◆ **Problem requirements**:
Only the pictures are to be dropped; the rest of the data below is to be duplicated exactly.

◆ **Data for this exercise**:
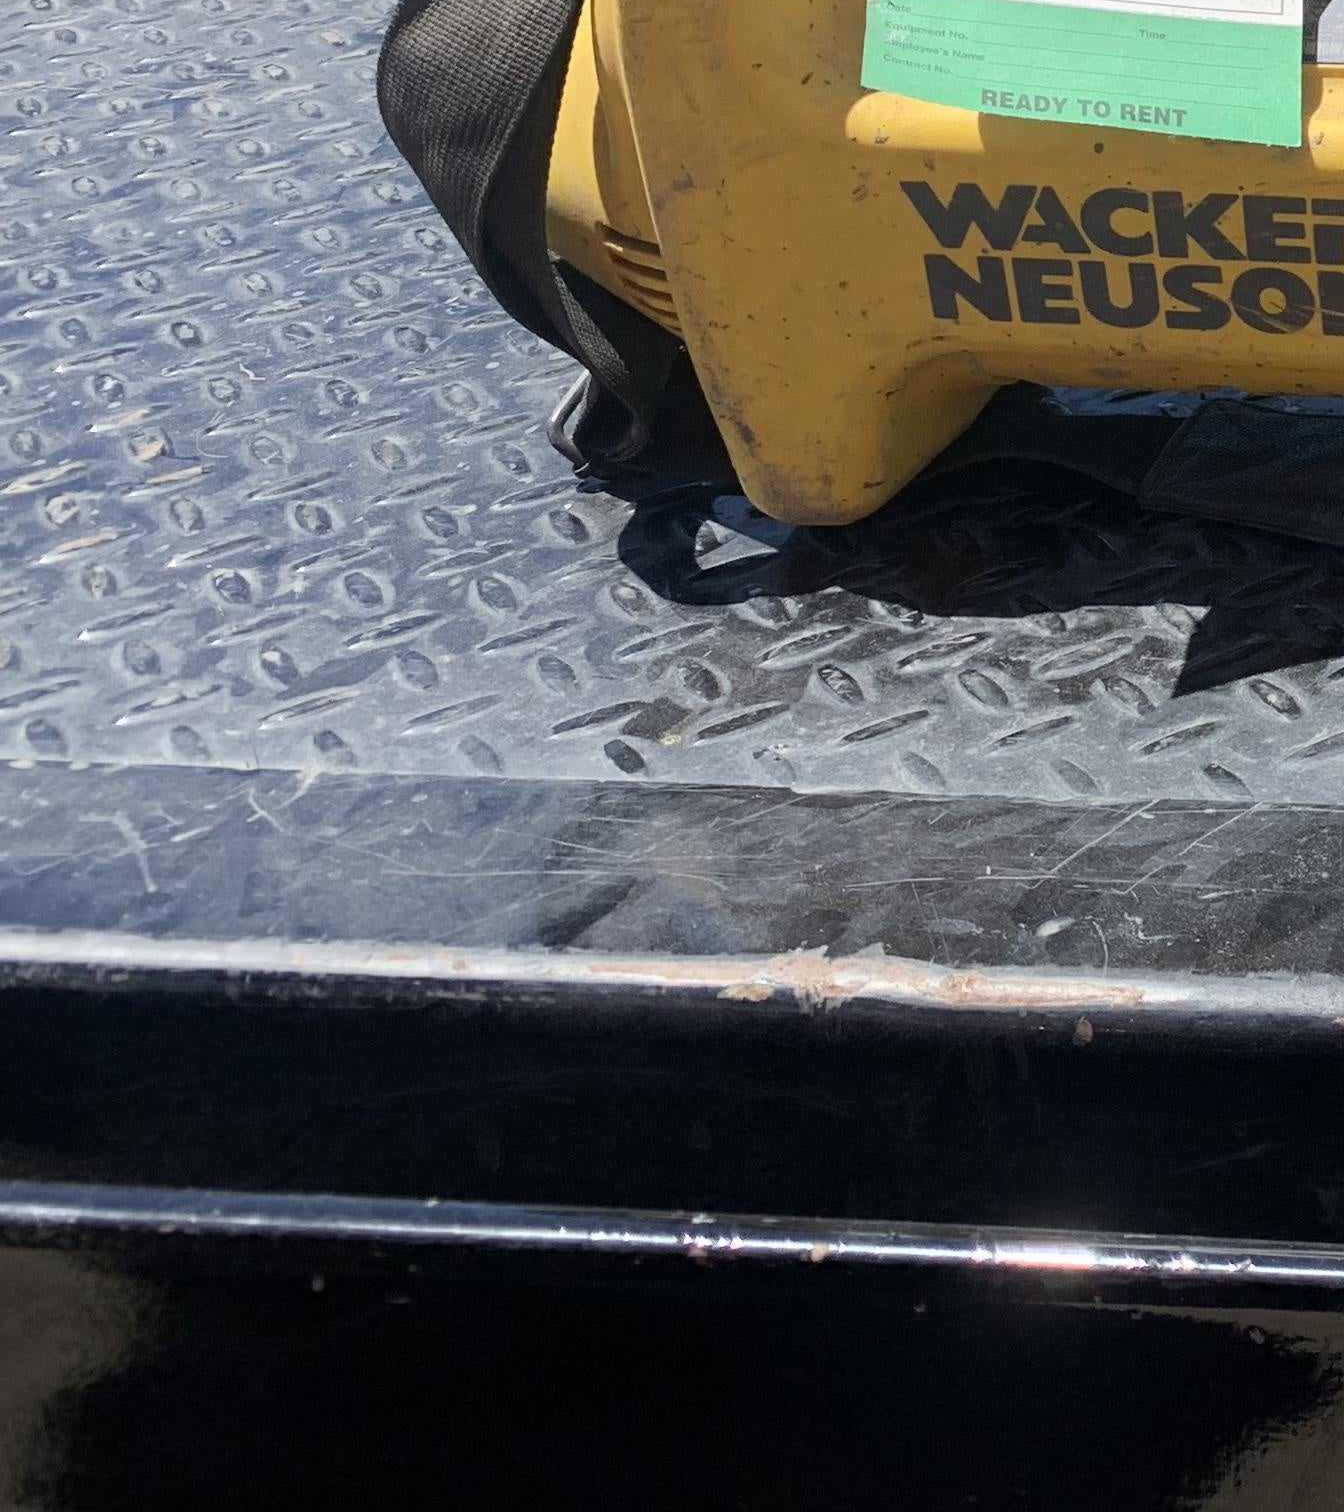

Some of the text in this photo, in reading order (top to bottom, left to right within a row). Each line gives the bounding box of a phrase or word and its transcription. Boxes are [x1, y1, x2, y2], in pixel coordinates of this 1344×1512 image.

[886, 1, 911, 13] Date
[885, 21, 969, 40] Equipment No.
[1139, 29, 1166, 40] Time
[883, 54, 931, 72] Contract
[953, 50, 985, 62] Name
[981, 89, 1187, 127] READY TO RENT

◆ **Reply to the task**:
Some of the text in this photo, in reading order (top to bottom, left to right within a row). Each line gives the bounding box of a phrase or word and its transcription. Boxes are [x1, y1, x2, y2], in pixel coordinates of this 1344×1512 image.

[886, 1, 911, 13] Date
[885, 21, 969, 40] Equipment No.
[1139, 29, 1166, 40] Time
[883, 54, 931, 72] Contract
[953, 50, 985, 62] Name
[981, 89, 1187, 127] READY TO RENT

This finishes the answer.